Nei videogiochi di ambientazione bellica più avanzati si ha una «sovrapposizione metonimica tra superiorità visiva garantita dalle tecnologie di visione notturna, e superiorità tattica espressa in atti di conquista e di “bonifica” del territorio mediante un sistematico sterminio dei nemici impossibilitati ad agire nel buio» (p. 328). Vi sono però altri due elementi importanti messi i luce dall’autore: «la struttura del videogioco in prima persona non solo esprime la conquista visuale, sensomotoria e militare di un territorio, ma permette al giocatore di viverlo direttamente grazie a una esperienza di simulazione incorporata. In secondo luogo, nei paratesti che hanno accompagnato il lancio del gioco la superiorità tecnologica e militare della visione notturna viene fatta rimare metaforicamente con la superiorità tecnologica del videogioco stesso (e quindi, ancora metonimicamente, con la fluidità dell’esperienza di gioco e il relativo piacere), la cui costruzione assume tutti i connotati di una delle operazioni belliche che vengono epicamente narrate» (p. 328).

In questi casi di combattimento al buio registrati attraverso sensori notturni (gli stessi videogiochi simulano tale modalità), lo spettatore viene calato nella medesima situazione di “vantaggio scopico” di cui si avvalgono i combattenti “armati di visori”. «La rilevanza di questo fatto per quanto concerne l’esperienza spettatoriale emerge chiaramente se analizziamo al contrario casi in cui allo spettatore viene negata, almeno a tratti, questa condizione» (p. 329). A tal proposito il saggio porta come esempio la sequenza finale del film Zero Dark Thirty (2012) di Kathryn Bigelow in cui si mostra l’assalto notturno al rifugio in cui è nascosto Osama Bin Laden realizzata montando in alternanza immagini a luce naturale scarsamente visibili e immagini realizzate con visori notturni. Tale alternanza risponderebbe «a una precisa strategia espressiva ed emotiva: nel momento di massima tensione, lo spettatore viene calato in una situazione alternativamente di sollecitazione e deprivazione visuale e sensomotoria. Per un verso la presenza intermittente delle immagini girate coi sensori stimolano il suo coinvolgimento nell’azione secondo un modello di simulazione incorporata […] per altro verso l’irrompere e il prorompere dell’oscurità lo risospingono in una condizione di spaesamento e deprivazione: essi innescano dunque un disperato bisogno di informazione percettiva indispensabile per portare a temine i processi di simulazione incorporata dell’azione precedentemente innescati» (pp. 332-333).

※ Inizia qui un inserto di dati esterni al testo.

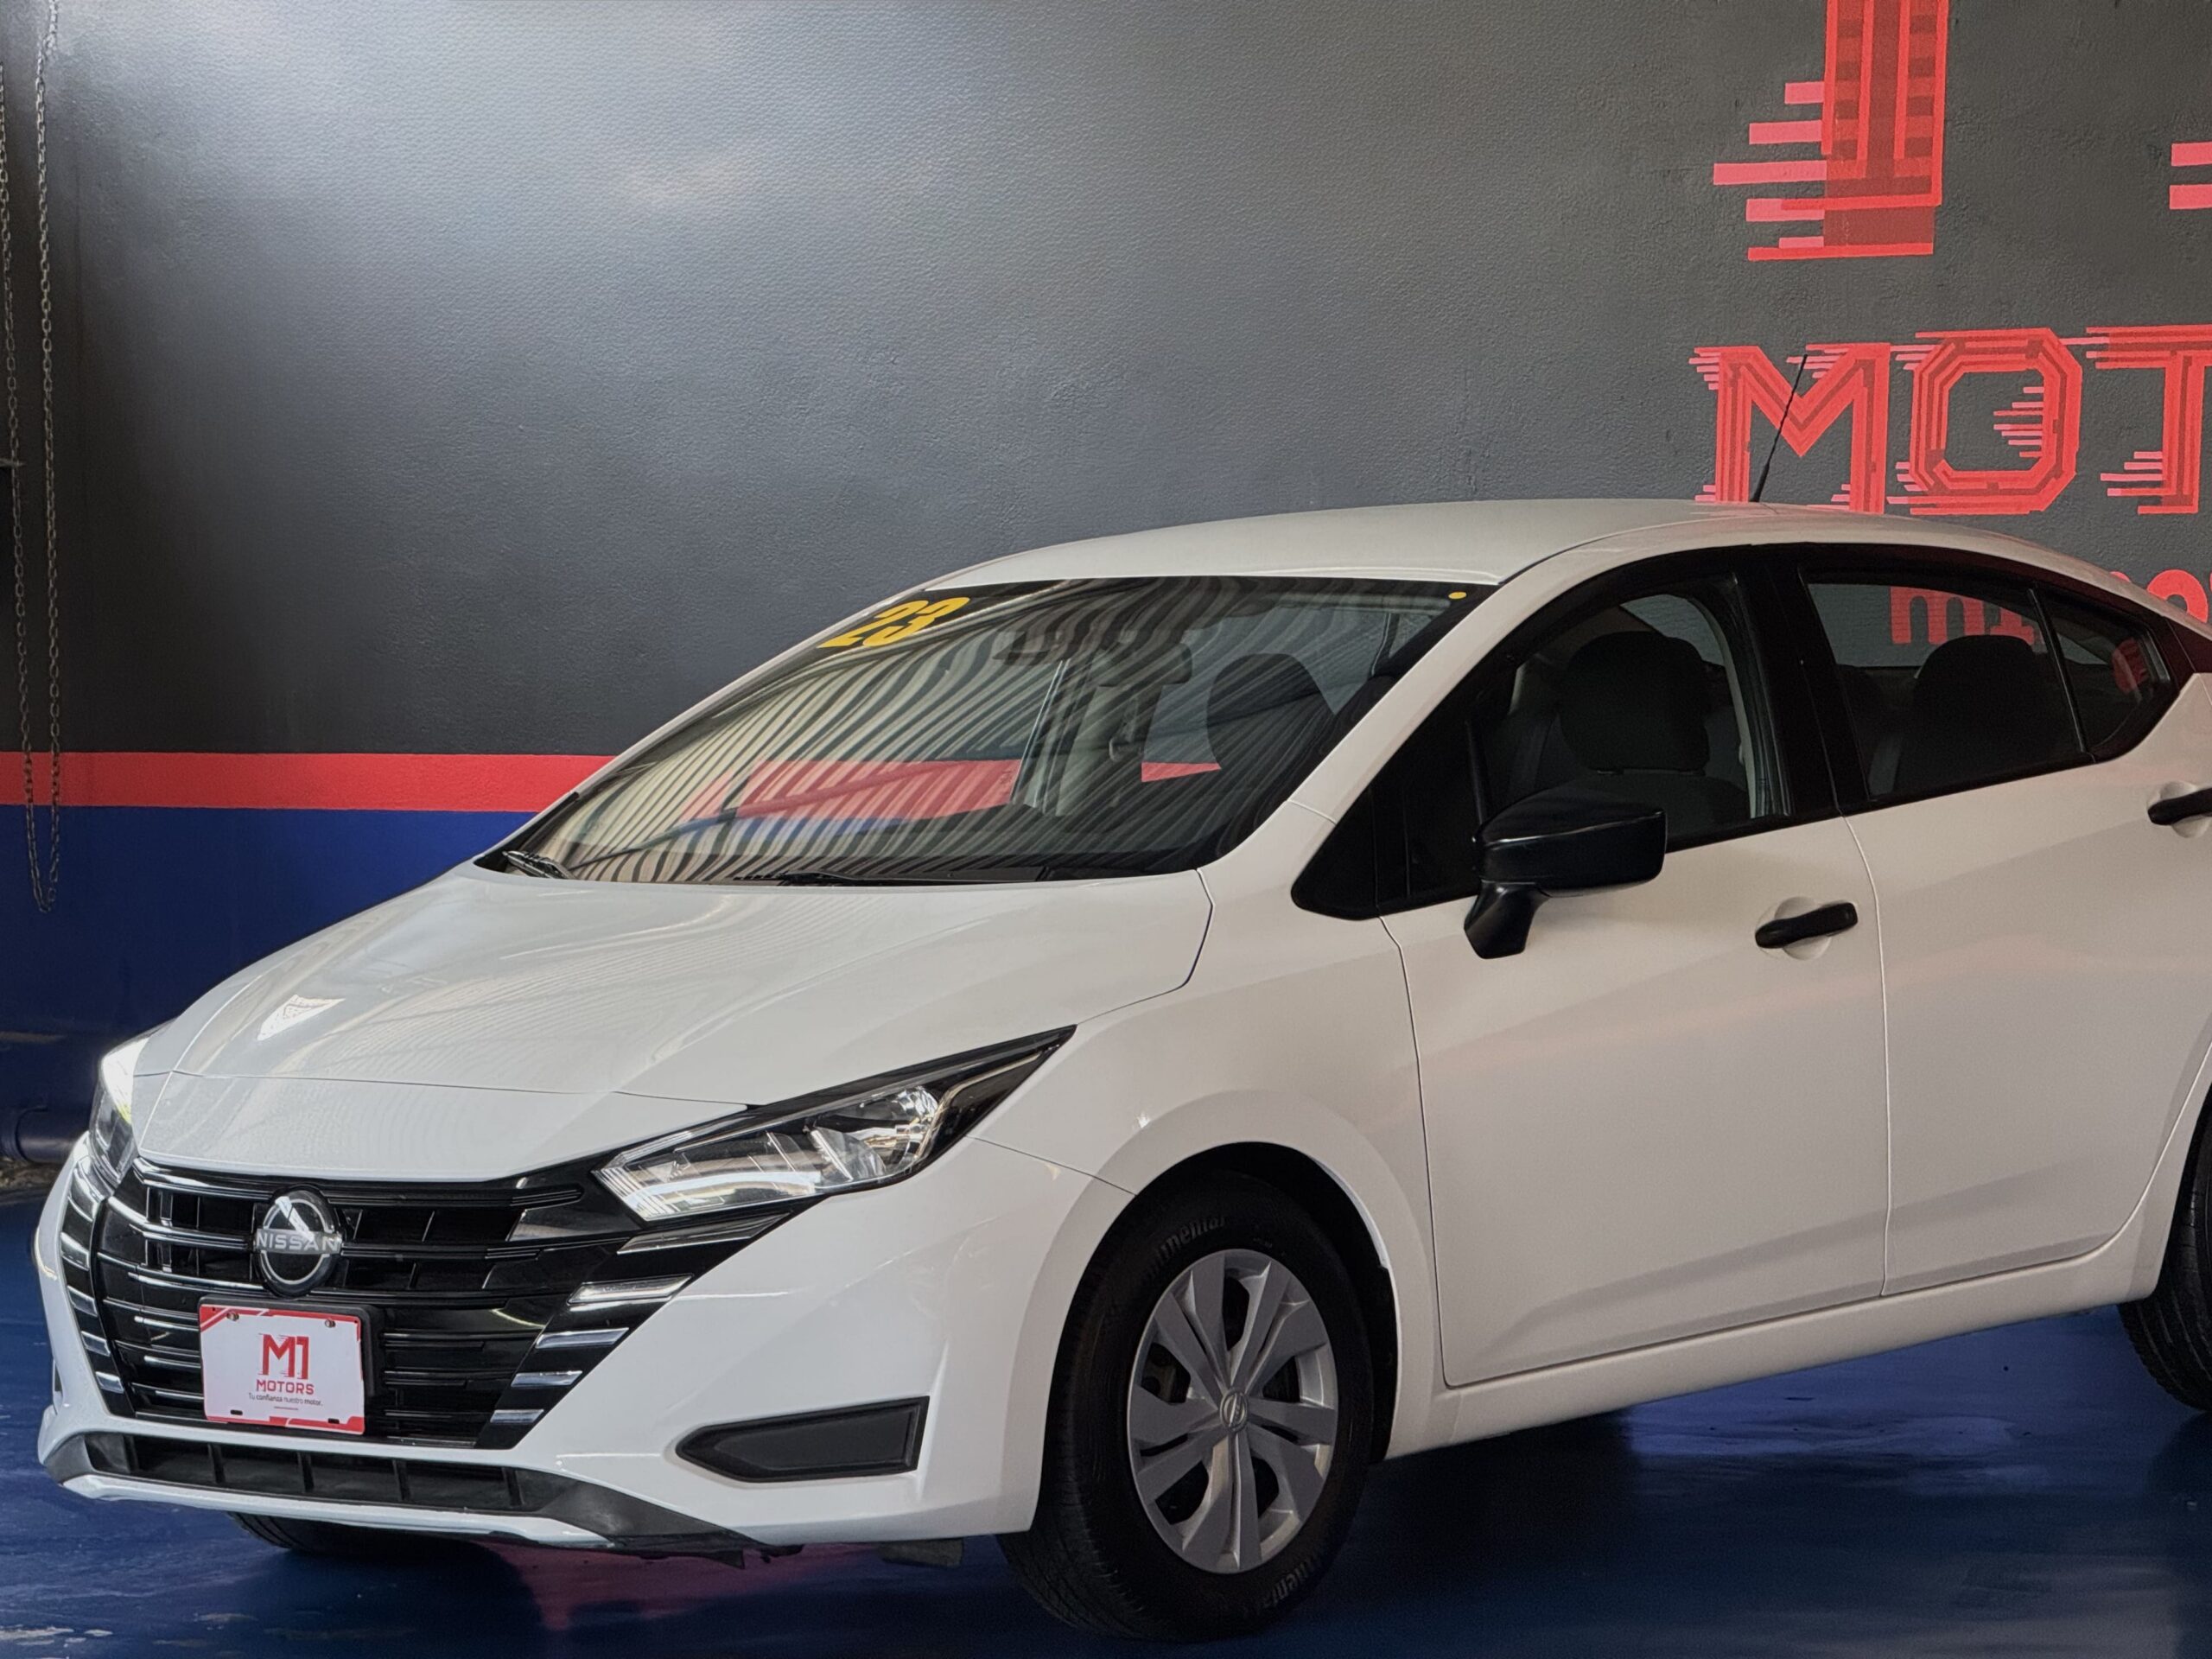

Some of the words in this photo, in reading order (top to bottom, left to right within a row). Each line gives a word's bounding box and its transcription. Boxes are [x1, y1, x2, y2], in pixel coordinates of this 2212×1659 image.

[817, 597, 970, 648] 23
[256, 1231, 341, 1253] NISSAN
[258, 1333, 309, 1380] M1
[256, 1379, 315, 1395] MOTORS
[257, 1394, 283, 1402] confianza
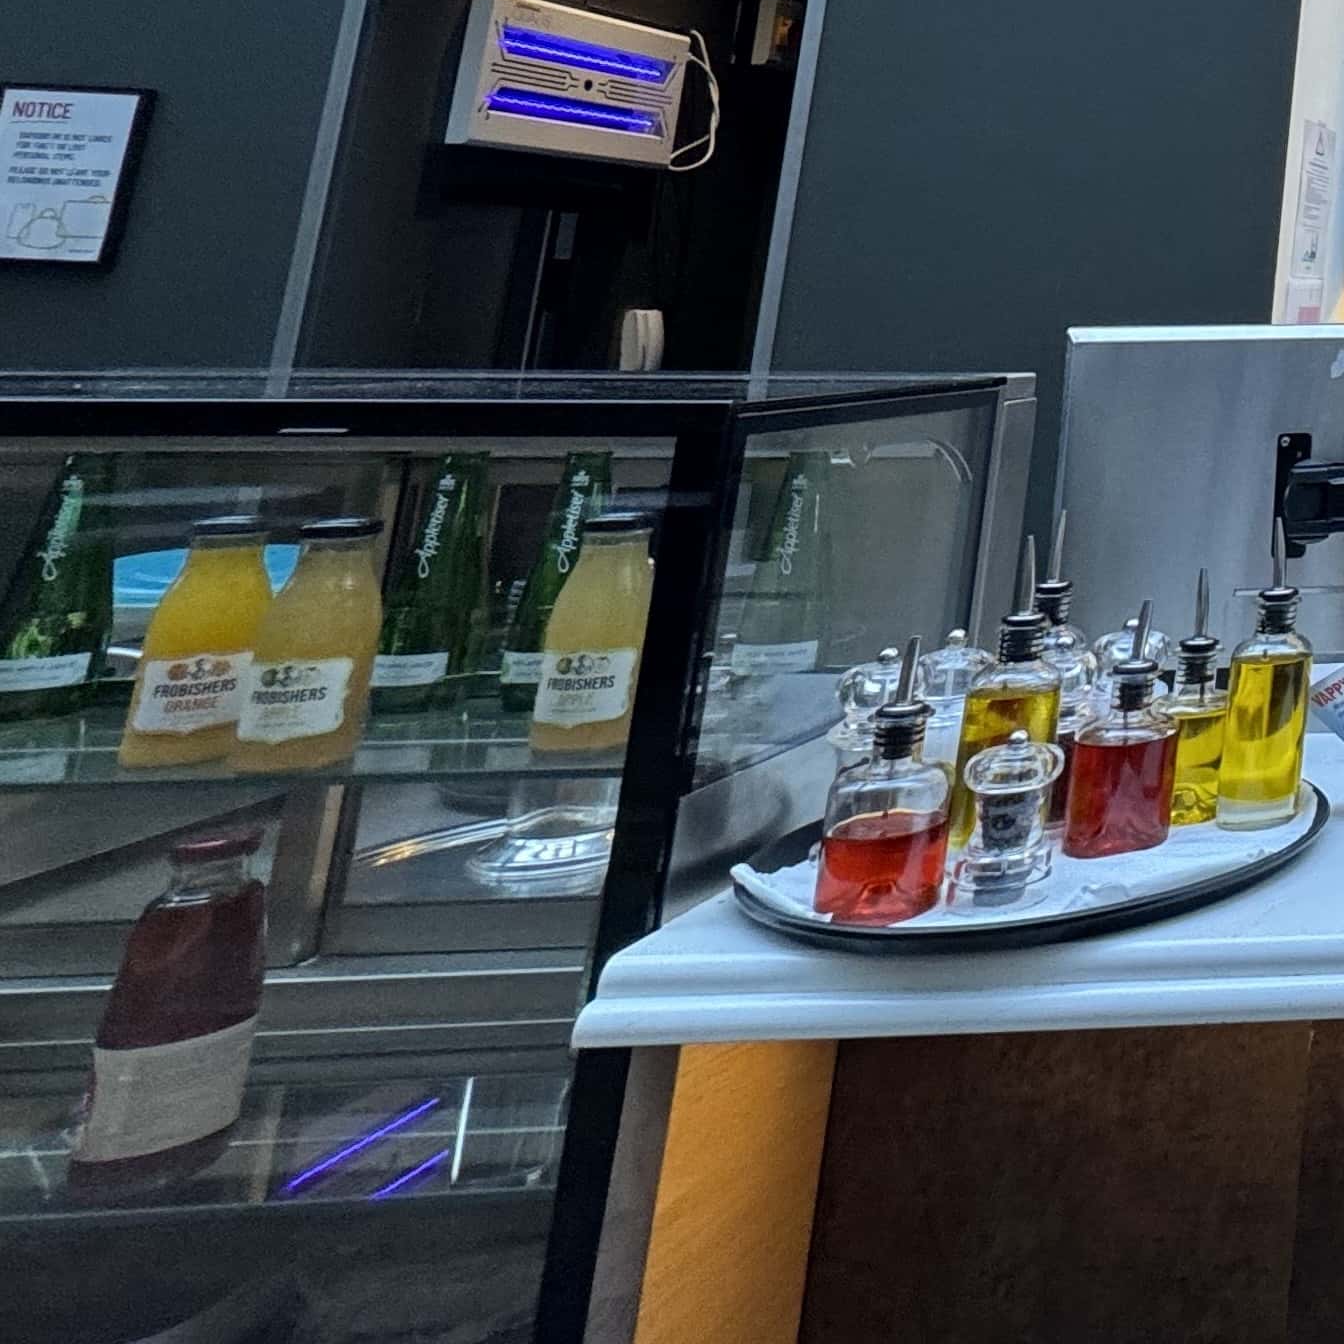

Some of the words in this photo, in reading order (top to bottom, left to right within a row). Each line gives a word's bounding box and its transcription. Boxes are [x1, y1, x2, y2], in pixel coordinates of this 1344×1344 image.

[12, 101, 75, 119] NOTICE
[415, 489, 450, 578] Appletiser
[556, 488, 585, 574] Appletiser
[777, 489, 804, 576] Appletiser
[153, 677, 237, 699] FROBISHERS
[547, 673, 616, 691] FROBISHERS
[252, 686, 328, 706] FROBISHERS
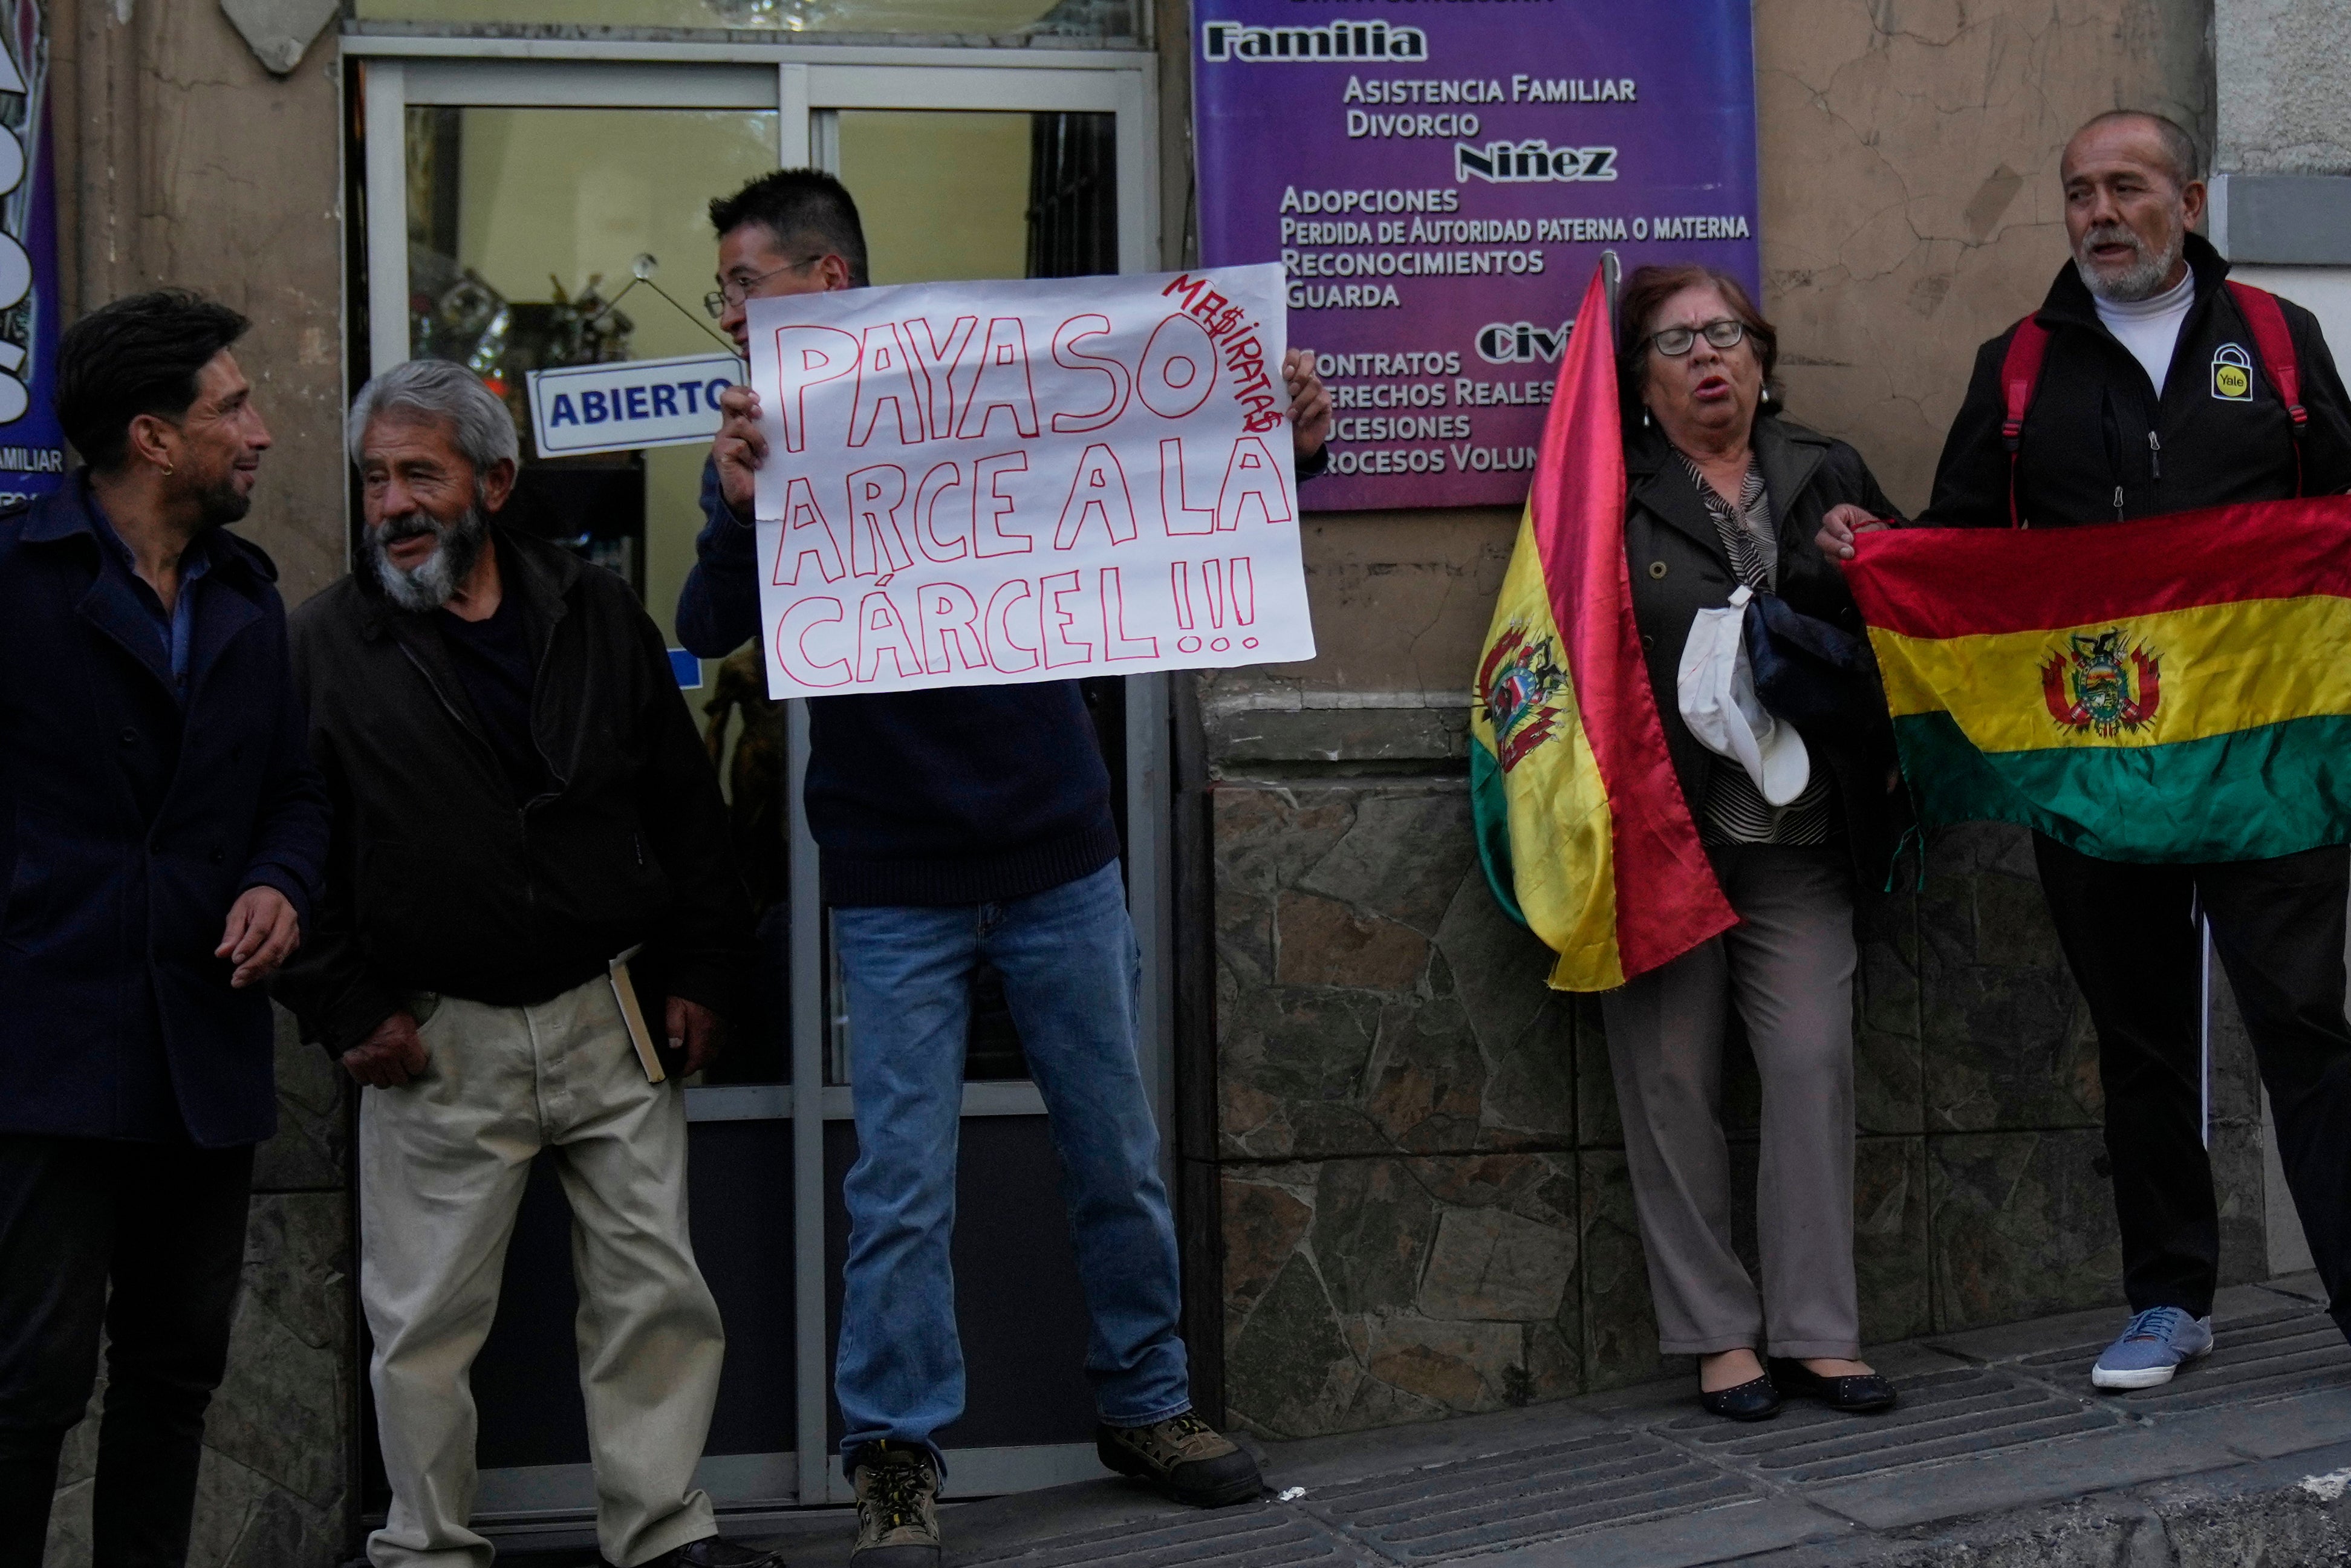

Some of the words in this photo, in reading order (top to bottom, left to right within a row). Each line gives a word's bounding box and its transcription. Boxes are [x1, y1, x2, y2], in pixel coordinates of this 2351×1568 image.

[1204, 20, 1428, 62] Familia
[1343, 76, 1503, 104] ASISTENCIA
[1512, 74, 1636, 103] FAMILIAR
[1347, 109, 1480, 138] DIVORCIO
[1455, 140, 1618, 184] Niñez
[1280, 186, 1458, 213] ADOPCIONES
[1281, 216, 1374, 245] PERDIDA
[1377, 221, 1406, 243] DE
[1409, 216, 1532, 243] AUTORIDAD
[1536, 218, 1628, 241] PATERNA
[1632, 217, 1648, 240] O
[1653, 216, 1750, 240] MATERNA
[1281, 249, 1544, 276] RECONOCIMIENTOS
[1286, 280, 1401, 309] GUARDA
[1474, 320, 1575, 365] Civ
[1315, 351, 1462, 378] ONTRATOS
[775, 312, 1217, 452] PAYASO
[1324, 383, 1447, 409] ERECHOS
[1455, 377, 1555, 406] REALES
[2220, 374, 2244, 387] Yale
[550, 378, 733, 428] ABIERTO
[1324, 449, 1446, 475] ROCESOS
[773, 450, 1033, 585] ARCE
[1053, 443, 1137, 550] A
[1160, 436, 1292, 536] LA

Un effetto visivo analogo lo si ritrova in Flames of War. Fighting Just Begun (settembre 2014), un video di propaganda realizzato e diffuso dall’Isis. «Anche qui le immagini, girate da una helmet cam, sono spesso quasi indistinguibili o completamente buie. Di tanto in tanto tuttavia alcune riprese con sensori notturni mostrano immagini di soldati siriani morti, abbattimento di porte, scene di combattimento, ecc. con assolvenze e dissolvenze al nero a far sì che la piena visibilità della scena sia costantemente compromessa» (p. 333). Non è difficile, continua Eugeni, cogliere la volontà da parte dell’Isis di fare il verso alle sequenze finali del film della Bigelow: «la conquista della base di Raqqa diviene nella retorica del video la eroica “risposta” dei mujahidin di Daesh alla uccisione del leader di Al Quaeda – o per meglio dire: il racconto visuale dell’una diviene la risposta al racconto visuale dell’altra» (p 334).

Nella parte finale del saggio vengono ricostruite le analisi relative alle relazioni tra guerra, media e tecnologie del visibile prodotte da autori come Paul Virilio, Friedrich Kittler e Jean Baudrillard, mettendo però in luce come tale dibattito necessiti di essere aggiornato alla luce dell’uso e degli effetti della visione aumentata dai dispositivi visivi contemporanei.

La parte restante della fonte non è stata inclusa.